FAMILY & PARENTING

12 Innocent White Lies That Every Mom Has To Tell To Get Through The Day

by Grace Eire
Grace plays in a band and is the mother to a black cat named Fitzhugh.

Being a mom isn’t easy, but everyone knows that. That’s like saying, “Hey, Mt. Everest is really tall,” or “Here in America we drive on the right side of the road.”

That means no parent is absolutely perfect. Sometimes, innocent shortcuts are needed just to simply get through the day without falling to the floor with exhaustion, or totally losing it in the grocery store. All anyone can do is their own personal best.

Besides, there’s nothing interesting about perfection, anyway. Imperfections are what make the world go ’round, what makes it fun and worth the ride.

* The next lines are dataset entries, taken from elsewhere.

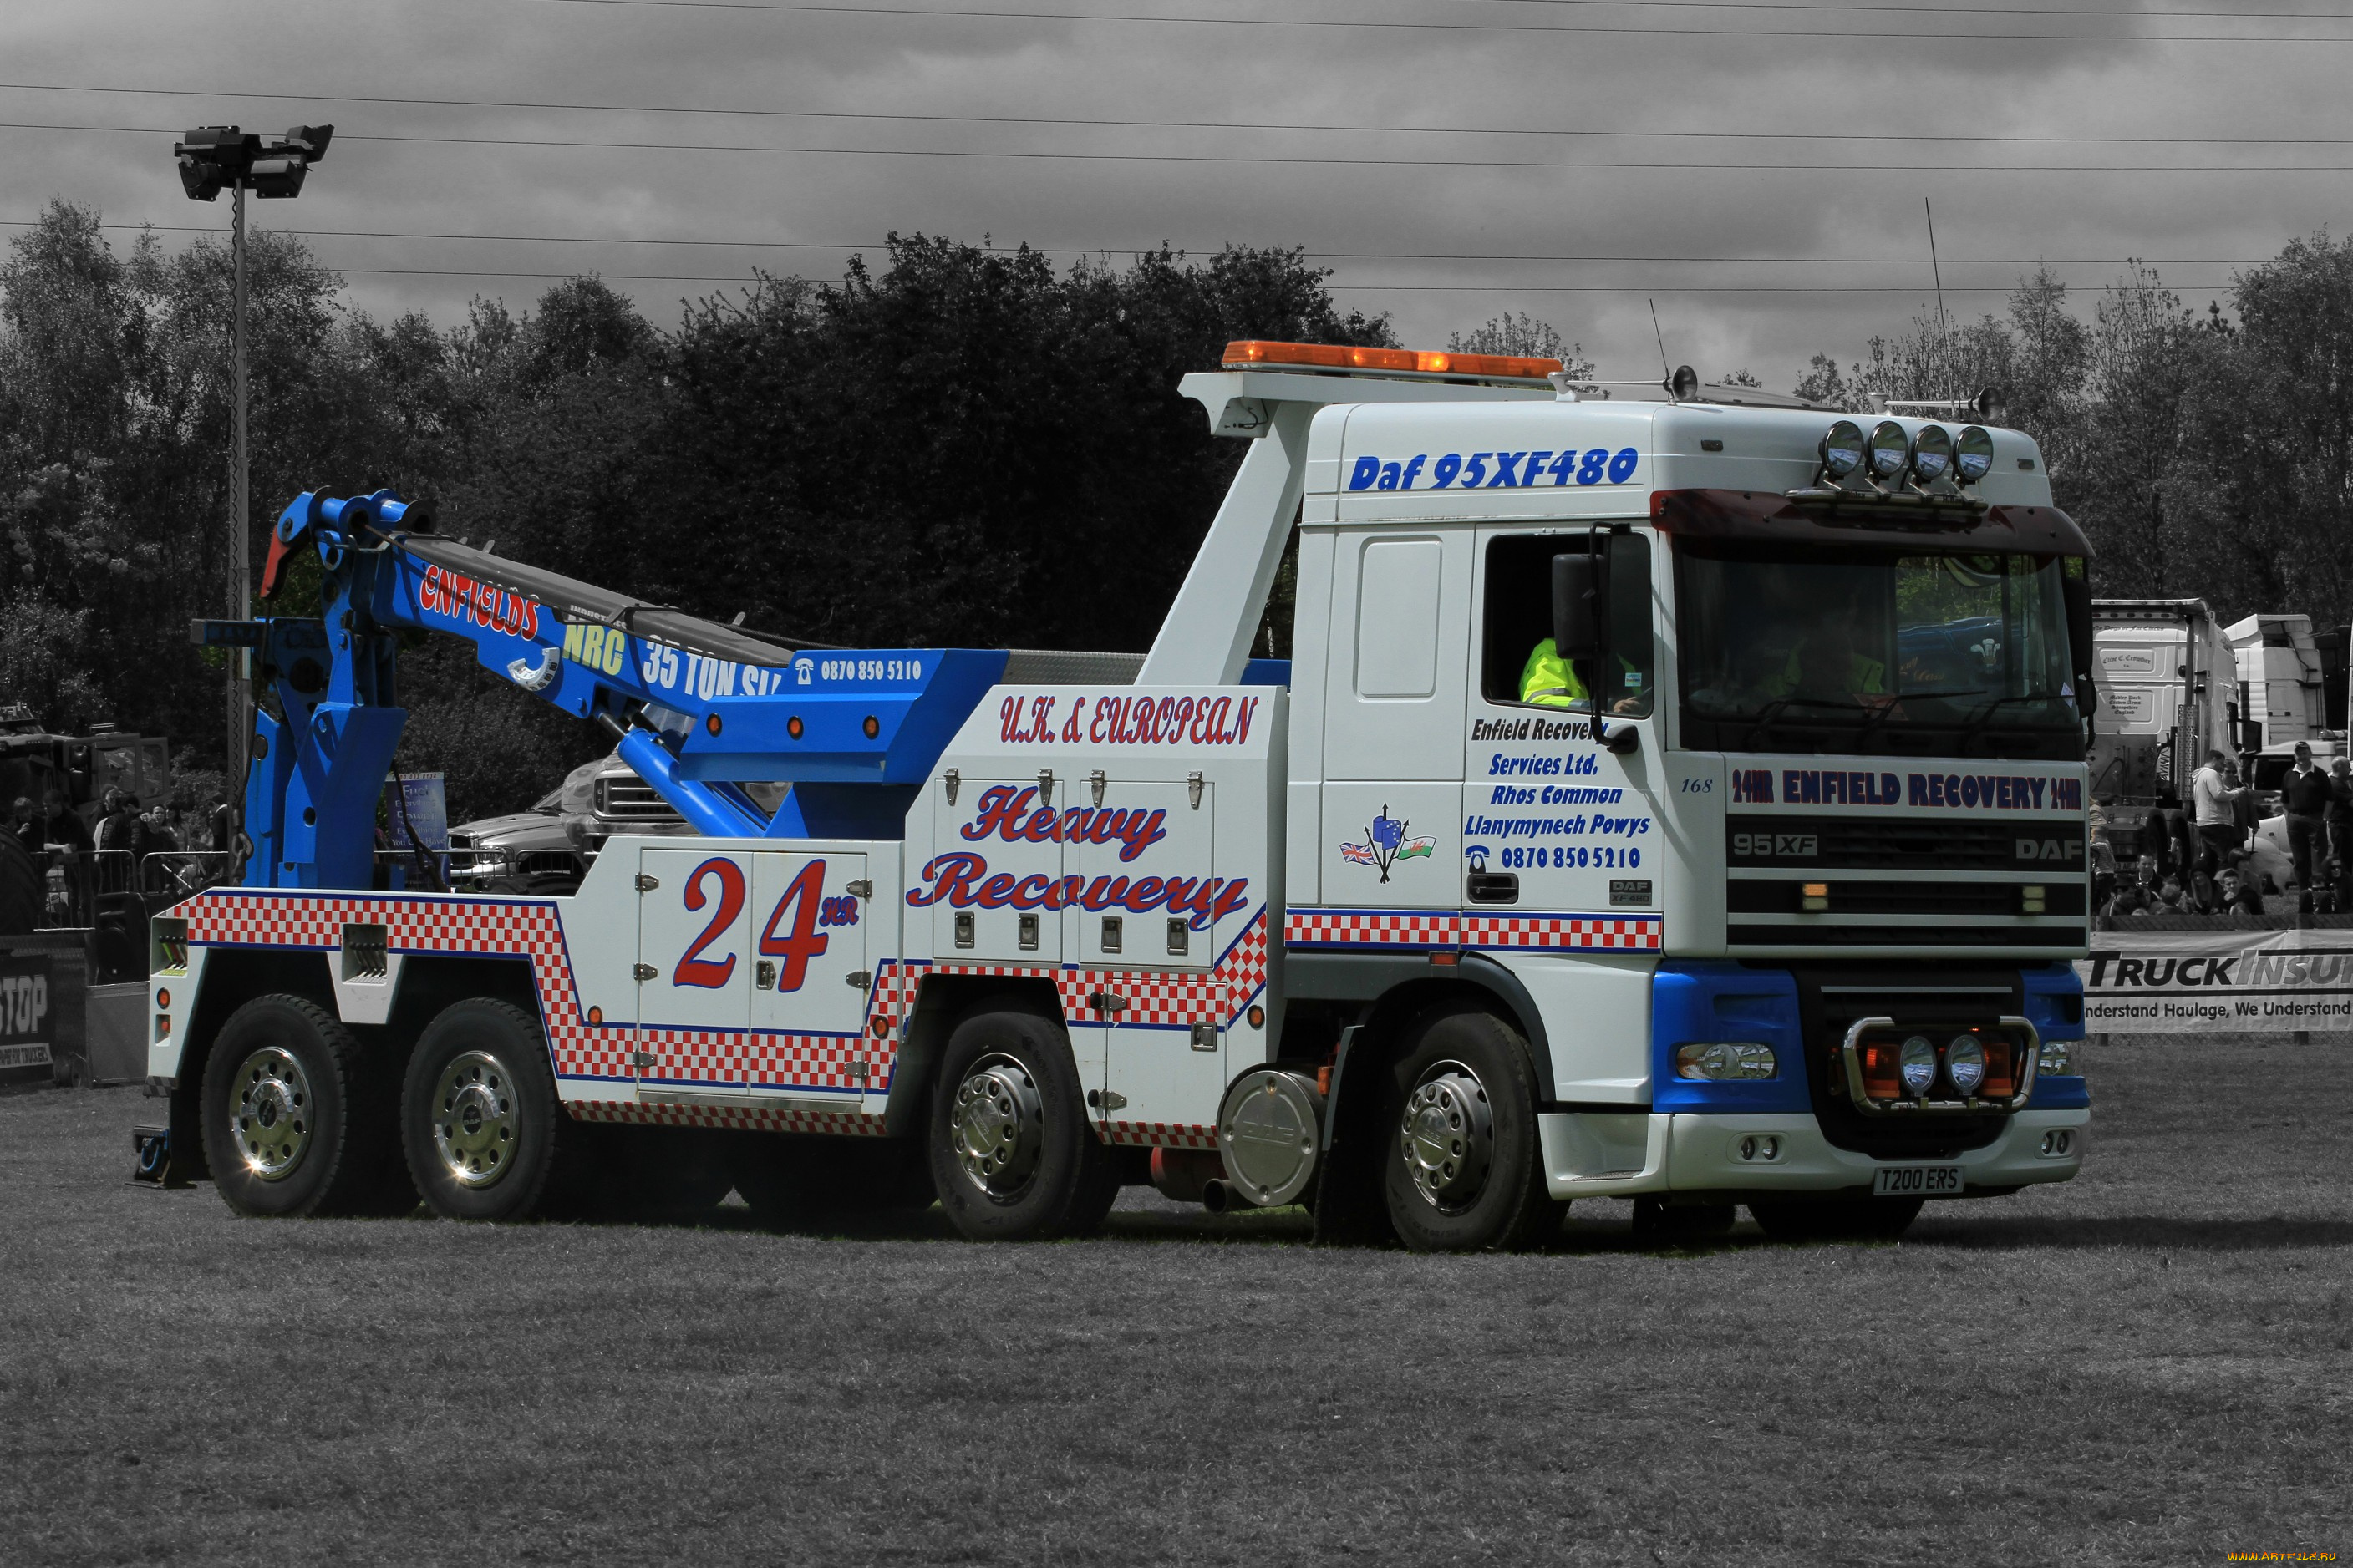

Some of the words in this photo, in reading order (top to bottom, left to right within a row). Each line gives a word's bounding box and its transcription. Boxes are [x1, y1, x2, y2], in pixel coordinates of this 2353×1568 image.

[1349, 454, 1427, 490] Daf
[1430, 447, 1639, 489] 95XF480
[419, 564, 541, 642] ENFIELDS
[561, 615, 626, 676] NRC
[643, 634, 681, 689] 35
[684, 646, 737, 701] TON
[821, 660, 856, 681] 0870
[858, 660, 884, 680] 850
[887, 660, 922, 680] 5210
[1000, 696, 1055, 743] U.K.
[1089, 696, 1259, 745] EUROPEAN
[1471, 718, 1531, 741] Enfield
[1488, 753, 1562, 775] Services
[1564, 753, 1598, 775] Ltd.
[1490, 785, 1537, 805] Rhos
[1541, 784, 1623, 804] Common
[1681, 778, 1713, 793] 168
[1782, 770, 1902, 806] ENFIELD
[1908, 773, 2047, 810] RECOVERY
[959, 784, 1168, 863] Heavy
[1464, 814, 1586, 839] Llanymynech
[1589, 814, 1650, 838] Powys
[1501, 847, 1548, 869] 0870
[1553, 847, 1588, 869] 850
[1593, 847, 1640, 869] 5210
[2015, 838, 2083, 860] DAF
[905, 851, 1249, 932] Recovery
[1612, 881, 1648, 891] DAF
[673, 856, 830, 993] 24
[0, 973, 48, 1035] TOP
[2164, 1002, 2230, 1021] Haulage,
[2235, 1002, 2259, 1017] We
[2264, 1000, 2350, 1017] Understand
[1882, 1170, 1924, 1190] T200
[1926, 1169, 1959, 1190] ERS

That being said, all moms, and sometimes grandmas, have their trusty little white lies ready to go in their back pocket all the times.

You know what I’m talking about: When it’s too late to keep answering questions, when your son or daughter just won’t take “no” for an answer, so you have to brush them aside with a “maybe,” knowing full well they’re not going to get what they want.

These 12 white lies posted by Reddit users are ones that every mom has used at one point or another. There’s absolutely no shame in it — they’re a mom’s secret weapon!

Which of these do you use with your kids? Do you have any others that do the trick? Please SHARE with your family and friends on Facebook to add other mom and grandma tricks to their arsenals.

[H/T: Reddit 1, 2]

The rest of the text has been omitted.